The case has seen decisions made in favor of both sides, with the most recent ruling occurring in August 2016 in favor of the Mint.
The next step in the legal process is fast approaching, with the federal government expected to file arguments early in February to stifle the Langbord family’s bid to bring the case before the U.S. Supreme Court and possibly overturn the lower court ruling that delivered ownership of the 10 coins to the federal government.
Roy Langbord, himself an attorney, says he knows getting the case before the Supreme Court is a long shot.
The case has taken an emotional and financial toll on the Langbord family, he says. During the litigation in U.S. District Court in Philadelphia and subsequent appellate court proceedings, the Langbords were advised by their New York attorney, Barry H. Berke, not to discuss the case publicly. That is, until now.
Berke is the same attorney that represented British dealer Stephen Fenton with the purported King Farouk 1933 double eagle that was declared to be the only example legal to own; it was sold at auction in 2002, with the net proceeds from the $7.59 million sale split between Fenton and the Mint.
In a one-hour-and-40-minute telephone interview with Coin World, Roy Langbord discussed the details of the case from the family’s point of view and how it affected each person, including his brother, David, and especially their mother, Joan Switt Langbord, Israel Switt’s daughter, now in her late 80s.

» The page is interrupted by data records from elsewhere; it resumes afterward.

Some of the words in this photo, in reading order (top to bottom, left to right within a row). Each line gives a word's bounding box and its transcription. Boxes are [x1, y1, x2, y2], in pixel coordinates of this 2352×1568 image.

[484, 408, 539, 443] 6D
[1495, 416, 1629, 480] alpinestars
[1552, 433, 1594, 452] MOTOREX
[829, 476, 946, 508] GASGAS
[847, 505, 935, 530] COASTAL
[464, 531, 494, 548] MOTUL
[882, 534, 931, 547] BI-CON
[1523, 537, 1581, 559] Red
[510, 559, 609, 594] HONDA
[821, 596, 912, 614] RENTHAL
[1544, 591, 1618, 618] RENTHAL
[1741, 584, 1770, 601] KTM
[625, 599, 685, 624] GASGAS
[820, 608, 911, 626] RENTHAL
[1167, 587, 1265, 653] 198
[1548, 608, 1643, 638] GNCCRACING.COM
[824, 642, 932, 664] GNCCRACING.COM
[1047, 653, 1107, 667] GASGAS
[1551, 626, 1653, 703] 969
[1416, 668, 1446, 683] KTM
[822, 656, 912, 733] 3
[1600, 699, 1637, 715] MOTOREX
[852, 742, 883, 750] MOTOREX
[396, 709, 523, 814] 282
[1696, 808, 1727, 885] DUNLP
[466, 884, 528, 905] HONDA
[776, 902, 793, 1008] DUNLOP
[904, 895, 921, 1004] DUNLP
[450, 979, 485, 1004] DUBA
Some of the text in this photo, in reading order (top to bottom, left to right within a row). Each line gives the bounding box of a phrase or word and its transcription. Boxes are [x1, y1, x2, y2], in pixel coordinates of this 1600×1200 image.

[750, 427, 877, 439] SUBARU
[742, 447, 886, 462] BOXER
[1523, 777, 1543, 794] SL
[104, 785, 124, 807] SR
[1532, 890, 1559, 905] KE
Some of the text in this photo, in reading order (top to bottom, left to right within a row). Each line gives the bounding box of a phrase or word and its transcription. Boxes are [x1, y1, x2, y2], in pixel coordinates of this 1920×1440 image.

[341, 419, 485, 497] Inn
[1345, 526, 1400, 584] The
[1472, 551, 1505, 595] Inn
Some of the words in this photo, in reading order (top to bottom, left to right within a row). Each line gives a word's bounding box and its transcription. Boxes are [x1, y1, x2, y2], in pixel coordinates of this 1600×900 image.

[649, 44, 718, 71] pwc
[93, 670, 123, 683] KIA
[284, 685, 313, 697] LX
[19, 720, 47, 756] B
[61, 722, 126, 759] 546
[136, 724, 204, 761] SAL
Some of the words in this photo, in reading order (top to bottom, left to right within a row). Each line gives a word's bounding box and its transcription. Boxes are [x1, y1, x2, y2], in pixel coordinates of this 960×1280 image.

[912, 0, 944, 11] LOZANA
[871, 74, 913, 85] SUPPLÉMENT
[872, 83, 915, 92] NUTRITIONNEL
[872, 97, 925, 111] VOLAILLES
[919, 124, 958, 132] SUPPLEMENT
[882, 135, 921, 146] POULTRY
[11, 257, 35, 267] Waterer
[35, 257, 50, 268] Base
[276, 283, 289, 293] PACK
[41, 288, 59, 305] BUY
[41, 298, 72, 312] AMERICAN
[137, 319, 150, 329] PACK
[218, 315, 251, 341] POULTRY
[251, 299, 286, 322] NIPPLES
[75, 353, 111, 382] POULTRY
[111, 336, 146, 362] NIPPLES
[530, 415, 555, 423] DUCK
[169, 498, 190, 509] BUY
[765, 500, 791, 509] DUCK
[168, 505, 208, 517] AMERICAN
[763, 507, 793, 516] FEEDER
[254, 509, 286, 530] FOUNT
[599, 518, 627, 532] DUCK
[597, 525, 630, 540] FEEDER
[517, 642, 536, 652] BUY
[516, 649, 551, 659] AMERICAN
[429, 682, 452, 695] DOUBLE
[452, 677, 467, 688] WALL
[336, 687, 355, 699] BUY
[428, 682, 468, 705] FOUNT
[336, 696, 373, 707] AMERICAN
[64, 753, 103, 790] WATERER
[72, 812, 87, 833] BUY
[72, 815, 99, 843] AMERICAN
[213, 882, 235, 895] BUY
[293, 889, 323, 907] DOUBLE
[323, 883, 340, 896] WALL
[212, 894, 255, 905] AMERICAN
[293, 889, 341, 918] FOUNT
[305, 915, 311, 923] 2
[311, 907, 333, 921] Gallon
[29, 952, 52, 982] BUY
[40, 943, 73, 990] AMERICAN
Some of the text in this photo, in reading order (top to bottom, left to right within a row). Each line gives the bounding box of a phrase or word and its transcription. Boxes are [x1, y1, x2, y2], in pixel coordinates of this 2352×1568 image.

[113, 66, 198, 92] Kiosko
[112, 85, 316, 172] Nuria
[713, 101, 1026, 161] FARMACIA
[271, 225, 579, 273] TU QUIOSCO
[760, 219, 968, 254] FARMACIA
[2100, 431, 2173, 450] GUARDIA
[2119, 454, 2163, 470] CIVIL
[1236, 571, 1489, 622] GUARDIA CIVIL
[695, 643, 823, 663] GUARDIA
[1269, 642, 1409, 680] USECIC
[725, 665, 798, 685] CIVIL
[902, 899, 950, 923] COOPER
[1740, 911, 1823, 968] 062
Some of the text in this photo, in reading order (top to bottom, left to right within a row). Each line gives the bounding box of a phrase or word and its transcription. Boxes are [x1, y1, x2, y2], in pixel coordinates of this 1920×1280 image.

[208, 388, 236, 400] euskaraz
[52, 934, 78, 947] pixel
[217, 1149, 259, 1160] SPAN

What the family initially thought was serendipitous, discovery of the 10 1933 double eagles gradually turned sour once the family decided to entrust the gold pieces to the federal government.
Langbord said his mother’s first suggestion was to return the coins to their resting place in the Switt family’s bank safe-deposit box, where they were found. Final disposition could be pursued by the family after her death, she said.
Roy said his father, the late Stanton Langbord, however, recommended the family seek an opinion as to the legal status of the gold pieces. The coins were among 445,500 double eagles struck in 1933 at the Philadelphia Mint, with most melted without being released into general circulation.
Stanton Langbord, who owned and operated an optical company in Philadelphia, was a heavily decorated World War II veteran who experienced extensive combat in the Pacific Theater.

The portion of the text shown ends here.